▶ Exercise objective
Keep the images out while you retype all of the data exactly.

[Records from a collection]
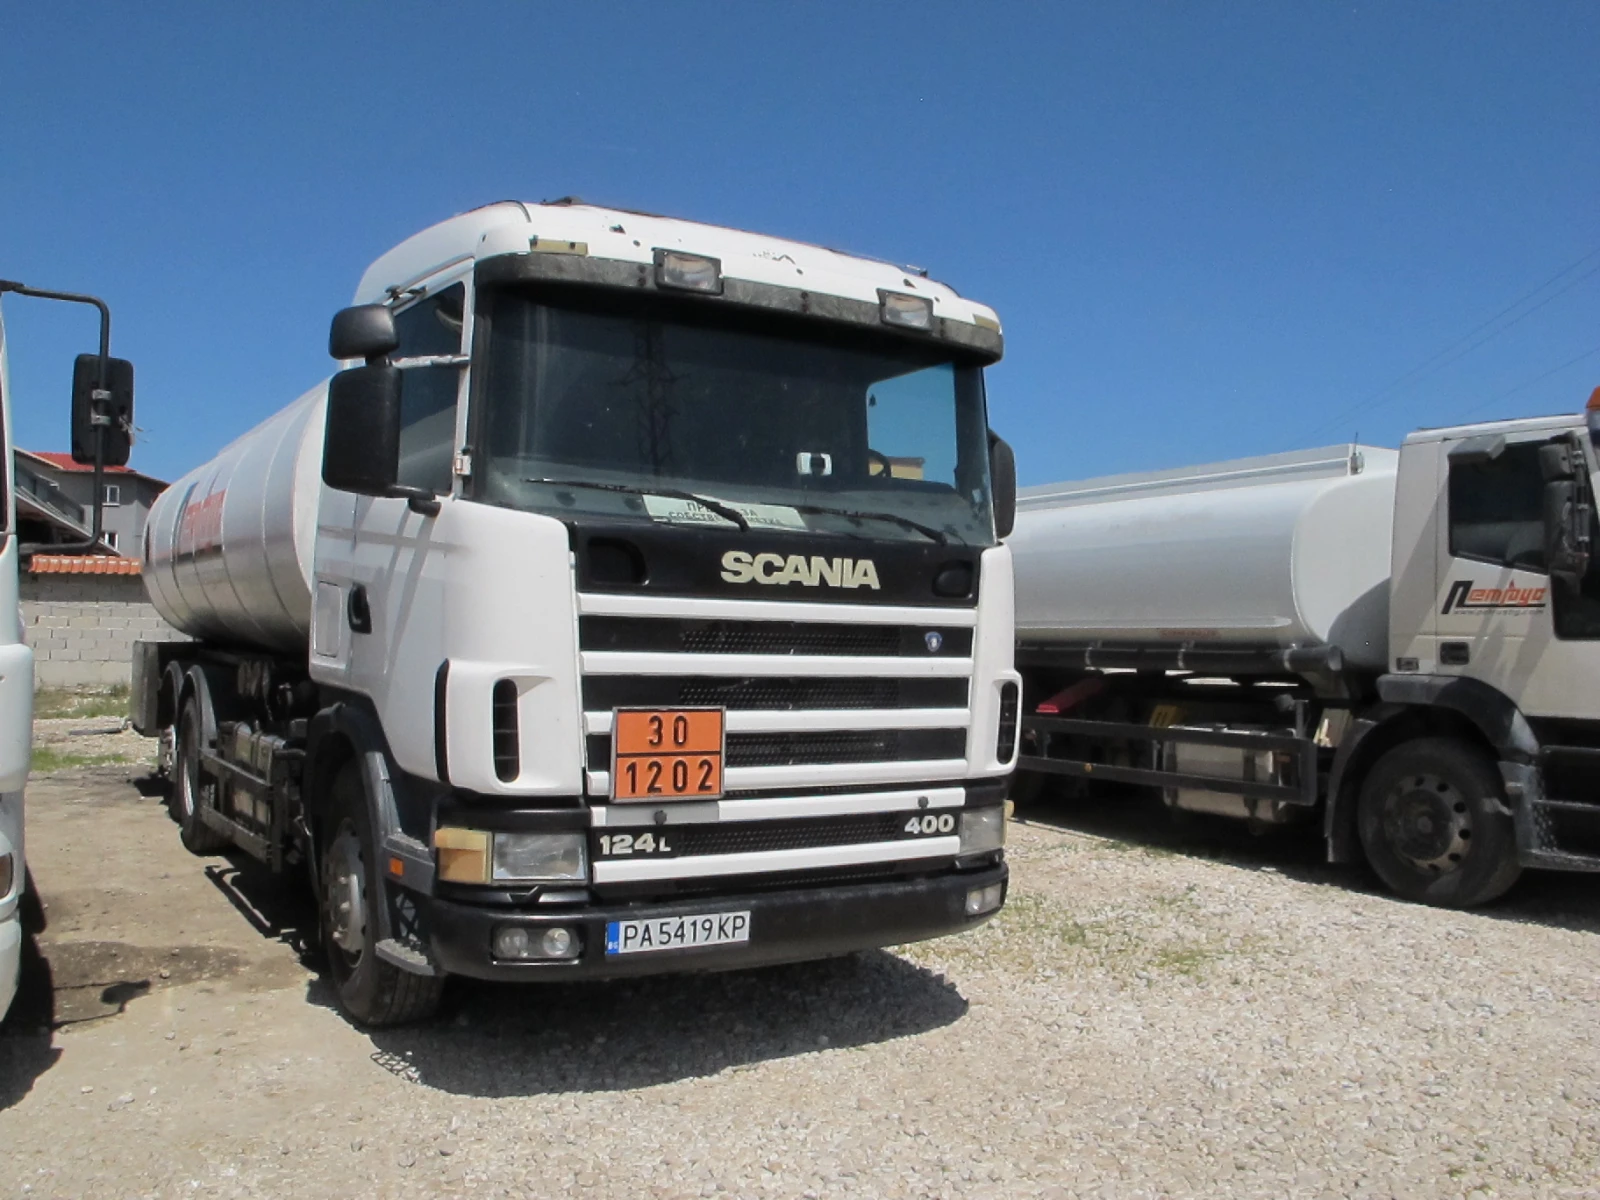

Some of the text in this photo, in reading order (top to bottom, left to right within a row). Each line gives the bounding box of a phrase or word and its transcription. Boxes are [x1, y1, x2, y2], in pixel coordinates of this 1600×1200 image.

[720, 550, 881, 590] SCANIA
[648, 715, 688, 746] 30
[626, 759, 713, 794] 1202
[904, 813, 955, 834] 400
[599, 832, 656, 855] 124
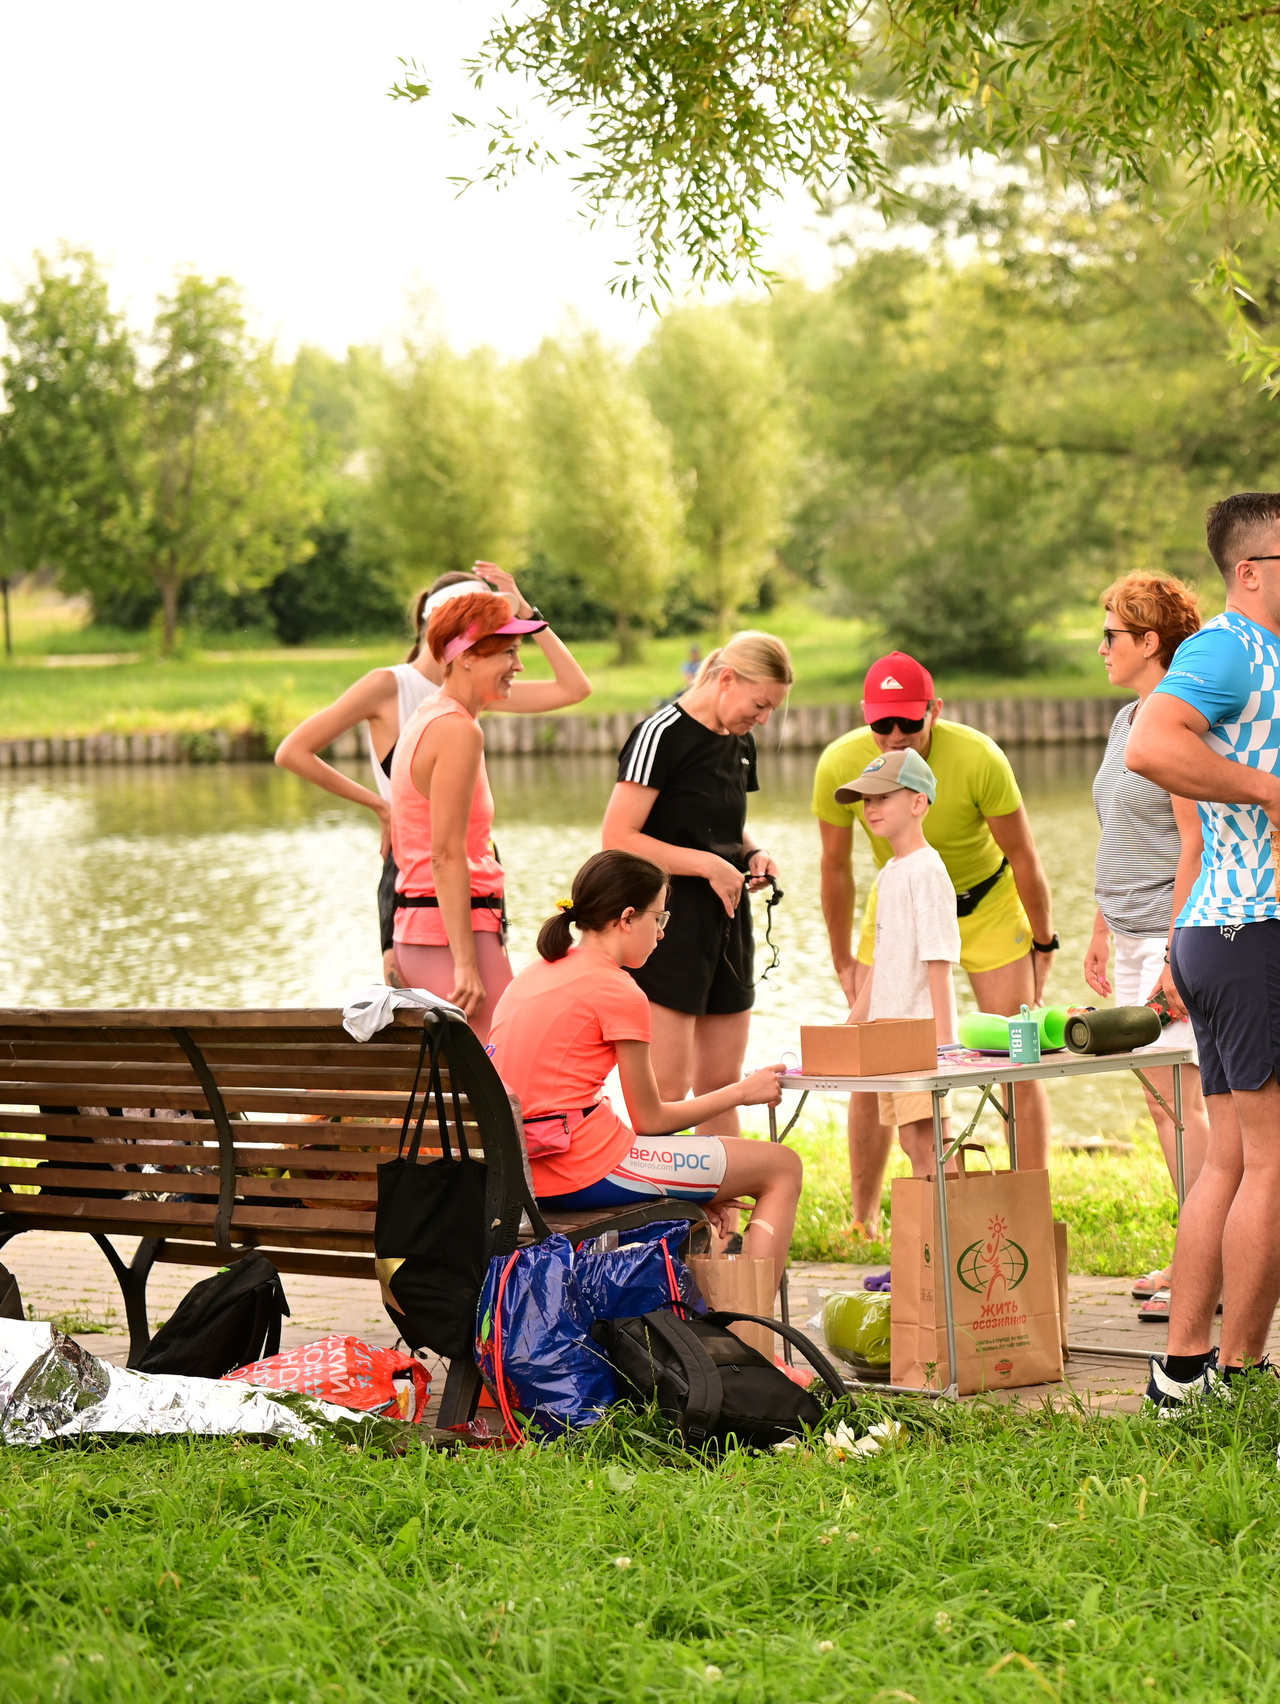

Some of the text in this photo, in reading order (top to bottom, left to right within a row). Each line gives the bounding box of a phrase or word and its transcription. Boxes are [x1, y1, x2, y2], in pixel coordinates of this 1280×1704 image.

▶ Response to the task
Some of the text in this photo, in reading order (top to bottom, left to right within a row). Each line gives the bounding box of a phrase or word and its transcription. Boxes are [x1, y1, x2, y2], in pixel coordinates of this 1600×1200 image.

[720, 550, 881, 590] SCANIA
[648, 715, 688, 746] 30
[626, 759, 713, 794] 1202
[904, 813, 955, 834] 400
[599, 832, 656, 855] 124

Some of the text in this photo, in reading order (top to bottom, left to right within a row). Each line gives the bounding box of a phrase or word and its transcription. Boxes are [x1, y1, x2, y2], in pixel coordinates of this 1280×1704 image.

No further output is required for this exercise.